And for aggregation, as I mentioned in the first part of the talk, if for aggregation to be good, those
aggregation functions should well represent the people's perception of how those features should
be aggregated. So I'll show you what we can do for that later.
Okay. So if you're interested, then you are invited to visit this EXOA POSTECH.KR where you
can see the actual automatically generated code from this tool. Here I'll show you one sample
page to what we can do.
From the Java document, what we can -- first thing we can add is this popularity bar, because we
know which API's often used in the actual open source project. And also what we could add is, of
course, an example. As you can see from here, the quality is better than just using the snippet
from coders. Now we are actually showing the actual API call and say how the argument is
declared.
And another feature here is where users can feedback about the ranking. So here you can just
click those buttons to promote or demote the ranking. And these are the feedbacks we can
collect or determine or tune the aggregation for selecting the right examples. So we are currently
collecting those user feedbacks to see how we can adapt the ranking.

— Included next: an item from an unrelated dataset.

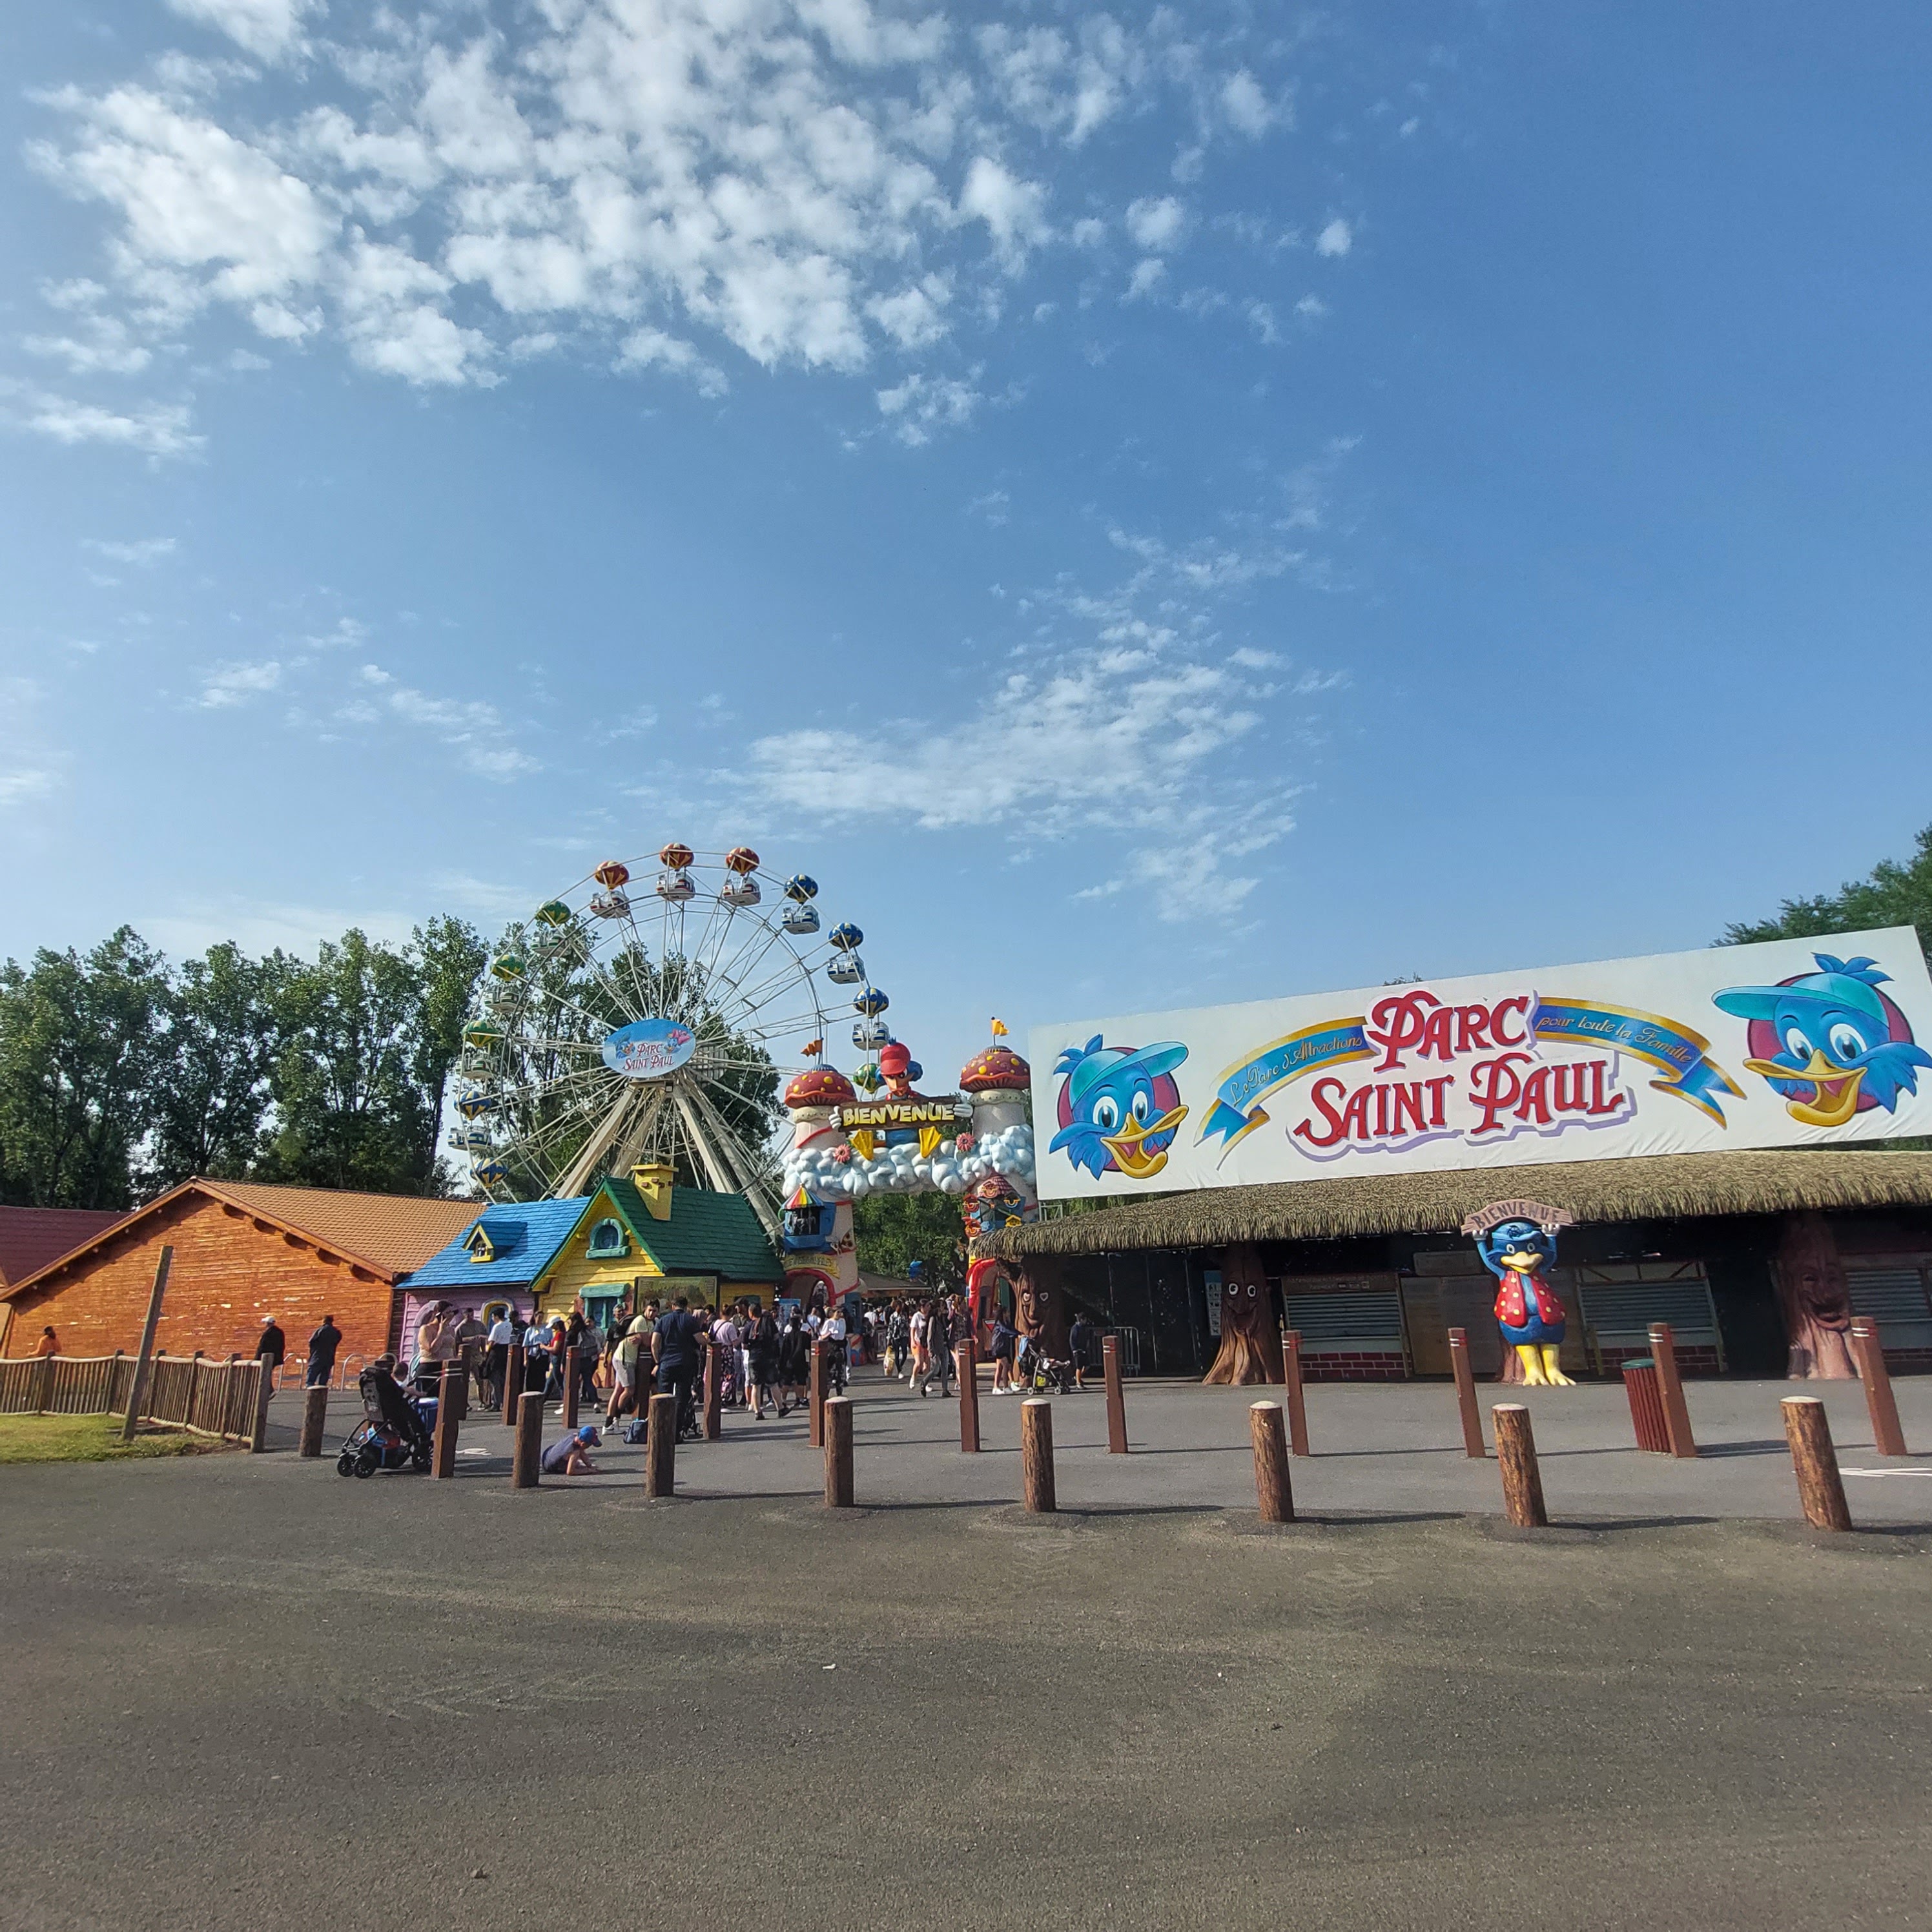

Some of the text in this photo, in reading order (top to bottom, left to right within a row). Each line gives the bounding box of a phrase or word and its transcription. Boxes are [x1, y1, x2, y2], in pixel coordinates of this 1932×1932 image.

Okay. So in order to evaluate how good our automatically generated documents are, we are
asking two key questions. First of all, we want to know how our document compares to other
resources like Java docs or what we can get from quote engine. And the second question is
whether this can help software developer. So I'll first talk about the first question. So when
comparing to the Java docs, like I mentioned for the previous slide, the original Java docs only
has examples for the 2 percent of the API. And after this generation process, we could find
examples for 75 percent of the API for Java. And we can also compare with Google and coders,
compared to using those coder snippets as examples, for extra documents, the probability that
our summary contains both API calls and all the semantic contexts is about 92 percent. And for
coders in Google, that probability is 22 percent or 12 percent, because they are supporting the
keyword search.
So this is how we can compare it to those Google encoders result. And also we can compare to
human ranking.
So what we did, to human assessors, we give the K result, K example that we found from EXOA
and the K random result and present those two K results to the human assessors and make them
pick the K better ones.
And using those selected, human selected K as the ground truth, we could measure the precision
and recall, which it was 66 percent and 60 percent respectively. And for the second question of
whether this tool is useful for the developers, we also gave out those documents blindly to 24
human subjects. Half of them got extra document and half of them got Java documents. And we
asked them to do the four tasks related to the database like establishing a connection, creating
the SQL statements in them and then get the result.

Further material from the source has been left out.